- Relator(a)
- Ministra Regina Helena Costa
- Órgão julgador
- Primeira Turma
- Data do julgamento
- 26/06/2023
- Data de publicação
- 28/06/2023
STJ – Acórdão, Rel. Ministra Regina Helena Costa, Primeira Turma, j. 26/06/2023, p. 28/06/2023
TRIBUTÁRIO. PROCESSUAL CIVIL. AGRAVO INTERNO NO RECURSO ORDINÁRIO EM MANDADO DE SEGURANÇA. CÓDIGO DE PROCESSO CIVIL DE 2015. APLICABILIDADE. IMPOSTO DE RENDA DA PESSOA FÍSICA - IRPF. JUROS DE MORA. VERBAS PREVIDENCIÁRIAS PAGAS EM ATRASO. NÃO INCIDÊNCIA. APLICAÇÃO DE MULTA. ART. 1.021, § 4º, DO CÓDIGO DE PROCESSO CIVIL DE 2015. DESCABIMENTO. I - Consoante o decidido pelo Plenário desta Corte na sessão realizada em 09.03.2016, o regime recursal será determinado pela data da publicação do provimento jurisdicional impugnado.
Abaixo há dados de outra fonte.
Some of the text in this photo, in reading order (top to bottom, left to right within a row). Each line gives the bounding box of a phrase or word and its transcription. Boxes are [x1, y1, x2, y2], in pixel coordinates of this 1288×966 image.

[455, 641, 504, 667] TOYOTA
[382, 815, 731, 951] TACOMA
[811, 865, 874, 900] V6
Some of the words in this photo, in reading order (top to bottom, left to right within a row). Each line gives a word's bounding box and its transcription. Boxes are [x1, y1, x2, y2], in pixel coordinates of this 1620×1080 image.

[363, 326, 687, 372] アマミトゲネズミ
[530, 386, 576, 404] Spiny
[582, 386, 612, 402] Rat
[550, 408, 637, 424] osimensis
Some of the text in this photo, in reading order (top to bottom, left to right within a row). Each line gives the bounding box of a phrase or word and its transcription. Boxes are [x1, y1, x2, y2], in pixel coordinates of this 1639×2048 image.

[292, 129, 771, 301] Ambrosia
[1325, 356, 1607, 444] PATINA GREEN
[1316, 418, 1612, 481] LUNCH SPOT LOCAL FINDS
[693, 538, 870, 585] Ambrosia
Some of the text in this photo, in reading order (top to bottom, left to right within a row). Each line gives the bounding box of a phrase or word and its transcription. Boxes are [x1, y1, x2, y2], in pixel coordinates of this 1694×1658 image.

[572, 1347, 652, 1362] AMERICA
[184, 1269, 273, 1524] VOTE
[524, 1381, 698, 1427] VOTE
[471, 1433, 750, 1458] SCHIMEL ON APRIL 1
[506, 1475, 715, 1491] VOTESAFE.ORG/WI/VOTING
In casu, aplica-se o Código de Processo Civil de 2015. II - Consolidou-se nesta Corte o entendimento de que não incide o Imposto de Renda Pessoa Física sobre os juros de mora decorrentes de pagamento a destempo de verbas previdenciárias, que possuem, natureza alimentar, enquadrando-se na situação descrita no RE n. 855.091 - RS (Tema n. 808), julgado pelo Supremo Tribunal Federal sob a sistemática da repercussão geral. III - Em regra, descabe a imposição da multa prevista no art. 1.021, § 4º, do Código de Processo Civil de 2015 em razão do mero desprovimento do Agravo Interno em votação unânime, sendo necessária a configuração da manifesta inadmissibilidade ou improcedência do recurso a autorizar sua aplicação, o que não ocorreu no caso. IV - Agravo Interno improvido. (AgInt no RMS n. 67.646/MG, relatora Ministra Regina Helena Costa, Primeira Turma, julgado em 26/6/2023, DJe de 28/6/2023.)